Kolom wali murid bukan sekadar formalitas administrasi. Ia adalah ruang demokrasi paling dasar dalam dunia pendidikan. Di sana orang tua bisa menyampaikan pandangan, harapan, bahkan kritik, tanpa harus melukai siapa pun. Guru membaca, sekolah mencatat, dan komunikasi pun terbangun. Sayangnya, ruang kecil ini sering diabaikan.

Ketika orang tua memilih protes ke tempat yang jauh—ke media sosial, ke grup WhatsApp yang panas, bahkan ke isu-isu politik besar—yang terjadi sering kali bukan penyelesaian, melainkan keributan. Masalah kecil menjadi besar. Emosi mengalahkan akal. Anak yang seharusnya dilindungi justru terjebak di tengah konflik orang dewasa.

Pertanyaan “Protes mah ning DPR kah gunae apa?” sebenarnya menyentil kebiasaan kita yang gemar menyalahkan sistem besar, tetapi malas membenahi hal-hal kecil di sekitar. Kita ingin perubahan, tetapi enggan memulai dari ruang yang tersedia. Kita ingin didengar, tetapi tidak mau berbicara di tempat yang tepat.

DPR memang punya fungsi besar dalam negara. Namun tidak semua masalah hidup harus dibawa ke sana. Jika anak kesulitan membaca, itu bukan urusan DPR. Jika tulisan anak belum rapi, itu bukan isu nasional. Jika komunikasi guru dan orang tua tersendat, itu bukan konspirasi negara. Itu persoalan mikro yang butuh pendekatan mikro pula.
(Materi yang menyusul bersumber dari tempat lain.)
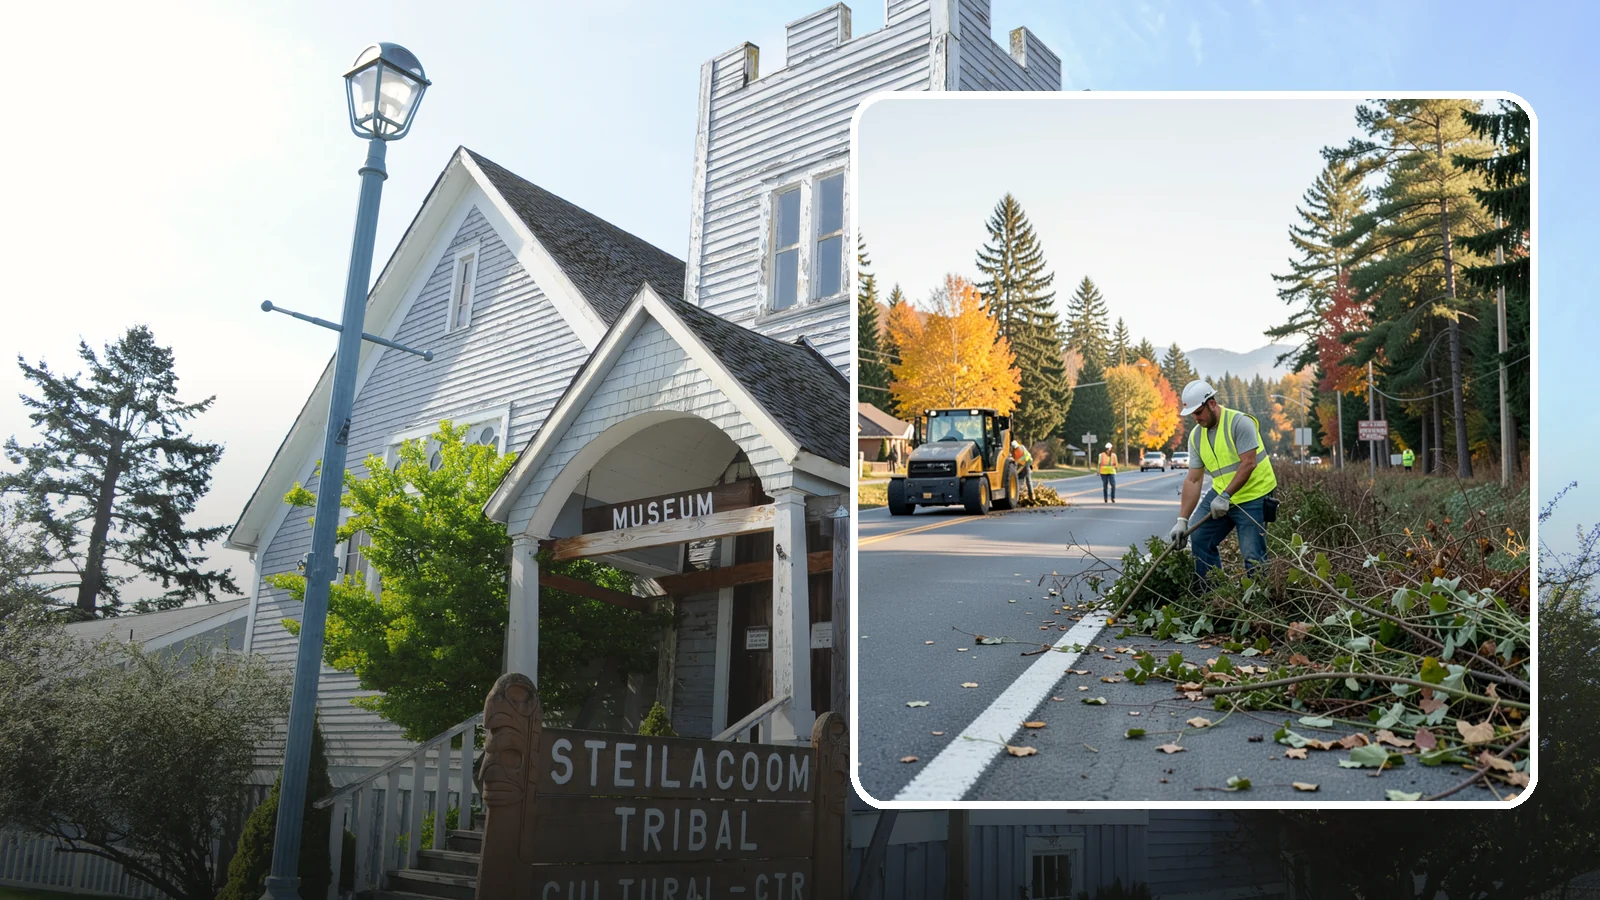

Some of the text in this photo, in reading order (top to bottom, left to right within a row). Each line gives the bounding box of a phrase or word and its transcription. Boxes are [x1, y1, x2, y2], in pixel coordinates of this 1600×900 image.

Budaya protes yang sehat bukan tentang seberapa keras suara kita, tetapi seberapa tepat arah suara itu. Protes yang salah alamat hanya akan melelahkan semua pihak. Guru merasa diserang, orang tua merasa tidak didengar, dan anak menjadi korban ketegangan.

Menulis di kolom wali murid memang tidak viral. Tidak ada like, tidak ada komentar, tidak ada sorotan. Tapi justru di situlah nilainya. Ia sunyi, tetapi bermakna. Ia sederhana, tetapi berdampak. Dari sanalah perbaikan nyata bisa dimulai.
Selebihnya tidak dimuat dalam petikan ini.